Non so se mi crederete ma il 31 marzo, mentre arzigogolavo sullo scrivere due righe sul mio ultimo amico senza darlo in pasto al mondo, ho ritenuto opportuno accreditarlo d’una simpatia che merita e, al contempo, renderlo veritiero: testimone sicuro il calendario. Premetto che la porta del mio ufficio è sempre aperta, attirando così non solo chi ha bisogno d’una informazione, ma anche di scambiar due parole per passare il tempo, libere e persino senza senso. Una volta ero convinto di lavorare; oggi tendo a considerarmi un nonno assai visitato. Quando transitano a squadre, attirati dalle macchine che erogano bevande ed altre delizie, il bisogno di far emergere la propria voce non è contenibile dal corridoio, e non solo ora, ristretto com’è per lavori in corso, per cui si intrufolano (le voci, mai singole) da me facendosi beffe del telefono e sovente pure dell’immancabile “cliente” occasionale. Un cenno particolare meritano i giovani del Boggiano Pico, costretti a vedermi, poveracci, minimo due volte al giorno: andata e ritorno dalla mensa. C’è chi saluta e va, chi entra a tastare con le dita le riviste in mostra all’ingresso, chi chiede se c’è la posta per il loro reparto. Talvolta mi viene la tentazione di chiedermi qualcosa anch’io.

Battezzato Beniamino, meglio non distrarsi. Un giorno impreciso di non tanto tempo fa entra sto giovane a saggiare il terreno. Una serie di domande, cinque minuti. Ci può stare, se sono mediamente tre volte alla settimana e non frammentati ad arte. Poi i minuti crescono, come natura insegna. Intanto le domande tentano di diventare dialogo, nonostante il mio poderoso impegno di salvarmi. Ma non c’è scampo. Fra le sue mansioni, dice, c’è quella di portare il caffè a qualche ospite. Non è una scusa, perché i caffè in effetti li ha davvero. Provo con la logica. “Il caffè è buono caldo, portalo subito. Poi ritorni e parliamo”. Dice di sì, ma non si sposta d’un millimetro. Probabilmente s’è convinto che il caffè caldo faccia male al pancino, poiché anche al proprio antepone la chiacchiera, se si intende il mio parlare ad altri.
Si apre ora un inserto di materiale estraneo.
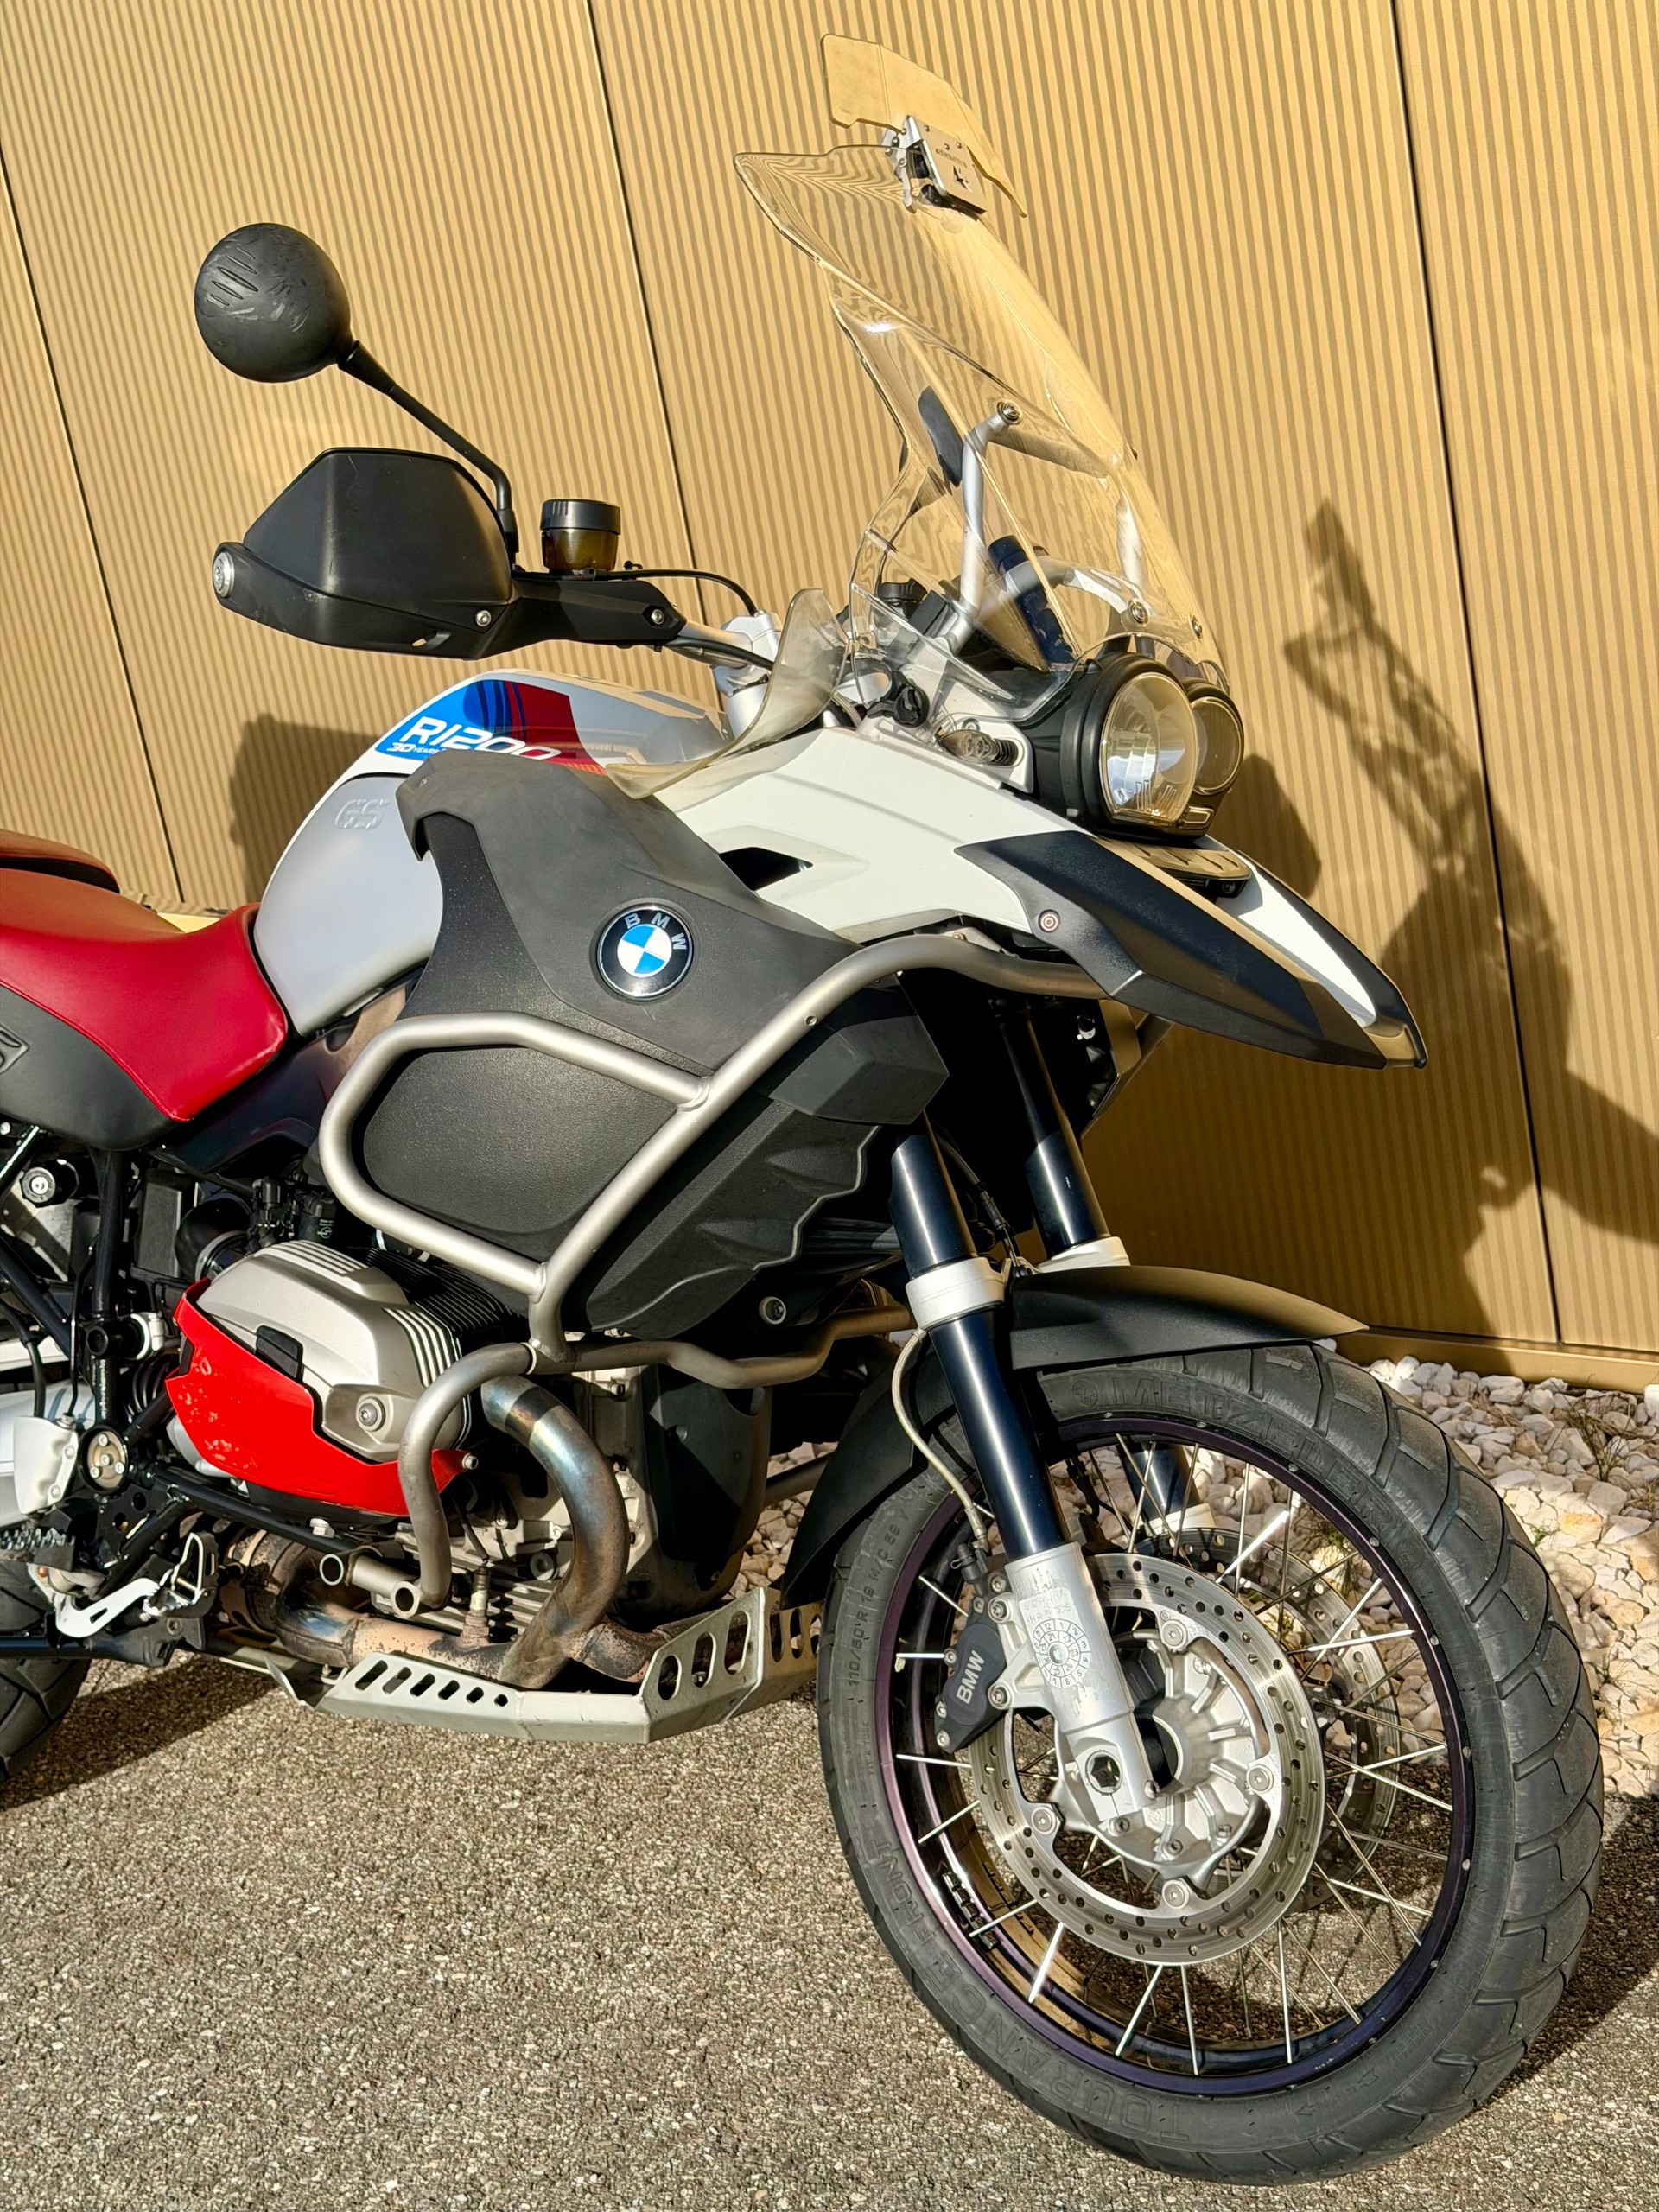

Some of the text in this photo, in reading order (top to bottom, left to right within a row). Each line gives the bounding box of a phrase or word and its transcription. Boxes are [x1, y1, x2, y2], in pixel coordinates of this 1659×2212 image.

[386, 741, 416, 753] 30
[400, 716, 562, 760] R1200
[334, 798, 391, 830] GS
[624, 912, 688, 950] BMW
[1072, 1627, 1078, 1636] 2
[1071, 1648, 1079, 1657] 23
[1081, 1640, 1087, 1649] 3
[955, 1649, 985, 1705] BMW
[1076, 1669, 1083, 1678] 5
[870, 1839, 1190, 2143] TOURANCE FRONT
Ho imparato un mucchio di cose del tipo, ad esempio, che ad ogni incontro ci imbattiamo almeno in una decina di “coincidenze”, qualsiasi argomento si tratti, con innata preferenza alla politica: infatti alla richiesta del padre su cosa venisse a fare da me ha confessato “a parlare di politica”, salvando la mia ignoranza sul merito. L’accenno al padre offre lo spunto per terminare questo “sorriso”, lungo ormai quasi quanto i consigli di Beniamino, fortunatamente senza i decibel del suo “vocino” confidente. Chi sono i miei amici? Fino all’altro ieri erano le persone con le quali avevo stabilito un certo contatto, riscontrato una affinità, condiviso qualcosa oltre la simpatia. Oggi ho allargato gli orizzonti grazie a quanto ho appreso da questa vittima che sovente minaccio di espellere dal mio ufficio, talmente serio da suscitare una ilarità esondante il solito limite. I miei amici sono quelli che vengono nel mio ufficio e quelli che conosco. Nel piccolo mondo del Paverano significa tutti. E fa bene saperlo.

Grazie, Beniamino. Anche il Direttore, che pure tenta inutilmente di scalzarti dal mio ufficio, la pensa come te. Infatti, e non faccio la spia perché fra amici le cose vanno dette, quando non ti vede nei tre giorni “sacrificali” (miei), mi chiede se sei passato… . Ma che bella coincidenza!